後場になって、この違和感が表面化する形で先物を絡めて日経平均は一段安となった。3連騰後できょうは目先筋の利益確定売りに押されがちなタイミングではあったが、300円を超える下げは想定しにくいところであった。
しかし、半導体や電子部品株の上昇相場が幕を引いたのかといえば、そうではないはずだ。自動車業界が意図せぬ生産調整を余儀なくされるほど半導体が不足しているという実態は何も変わっていない。例えば5Gについていえば、「日本は世界の主要国の中でかなり普及が遅れており実感が湧かないが、中国や米国などは猛スピードでインフラが進み主要都市では日常生活に浸透した状態にある」(国内証券アナリスト)といい、半導体を飲み込む背景となっている。加えてリモートワーク導入に伴うデータセンター拡張や自動車の電装化も進展するなか、半導体や電子部品産業のコモディティ化は今後加速することが考えられる。なによりも画像処理センサーを戦略商品とするソニーが脚光を浴びている。ソニーは巣ごもり化を背景としたゲーム事業の評価だけで買われているわけではない。

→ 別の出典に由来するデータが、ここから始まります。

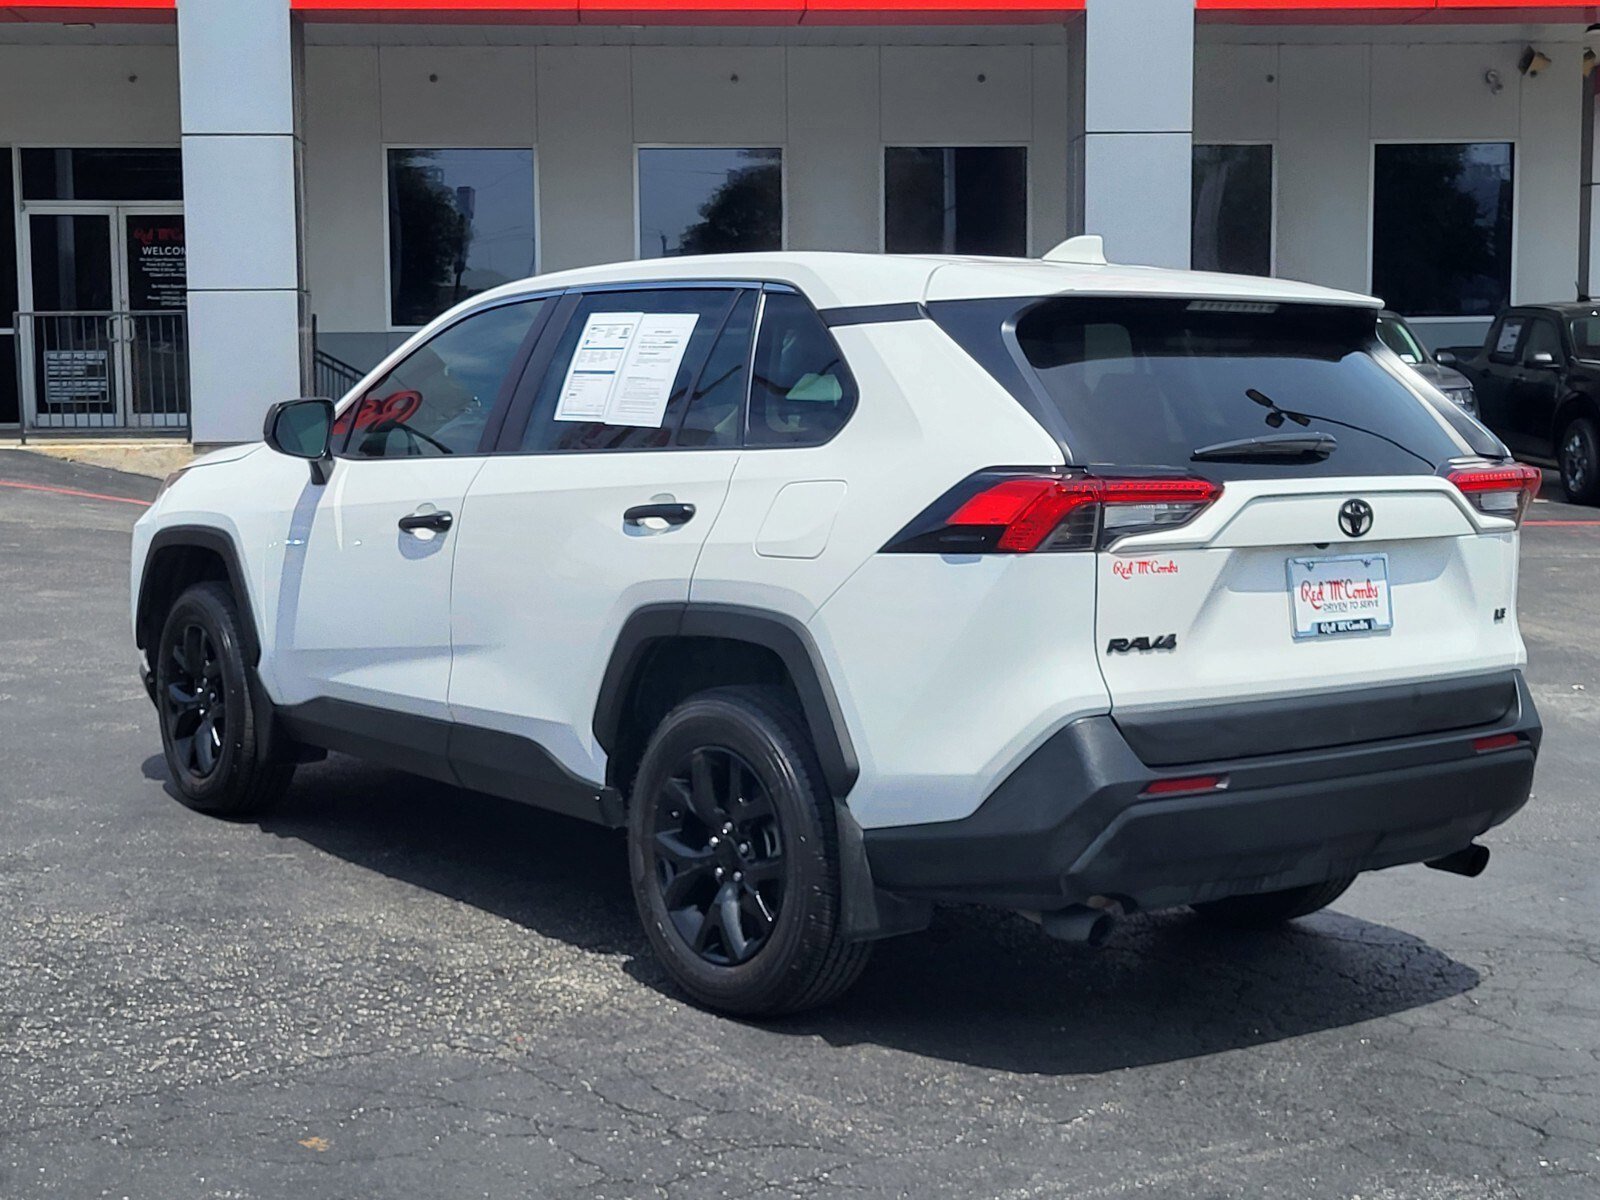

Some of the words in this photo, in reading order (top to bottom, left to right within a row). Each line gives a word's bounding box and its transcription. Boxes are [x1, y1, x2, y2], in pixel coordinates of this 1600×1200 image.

きょうは値上がり銘柄数が値下がり数を上回っことからも、見た目ほど地合いは悪くなかった。半導体関連ではシグマ光機<7713>やタカトリ<6338>などが強い動きを示し、ここウネリがでてきている低位株では、業績予想の増額修正発表を受けシステムソフト<7527>がストップ高に買われたほか、前日取り上げたルーデン・ホールディングス<1400>や土屋ホールディングス<1840>、TAC<4319>なども動意含みだ。このほか、ソニー関連ではムトー精工<7927>が派手な切り返しをみせている。
ここで新たに注目してみたいのは、トヨタ自動車<7203>との燃料電池車における連携で思惑を呼ぶ大豊工業<6470>、元ソニーケミカルで電子材料のニッチトップ銘柄であるデクセリアルズ<4980>、不動産関連の好決算銘柄でアグレ都市デザイン<3467>など。
あすのスケジュールでは、20年10~12月の家計調査、12月の景気動向指数速報値。また東証マザーズにQDレーザ<6613>が新規上場する。海外では、12月の米貿易収支、12月の米消費者信用残高のほか、1月の米雇用統計が注目される。(銀)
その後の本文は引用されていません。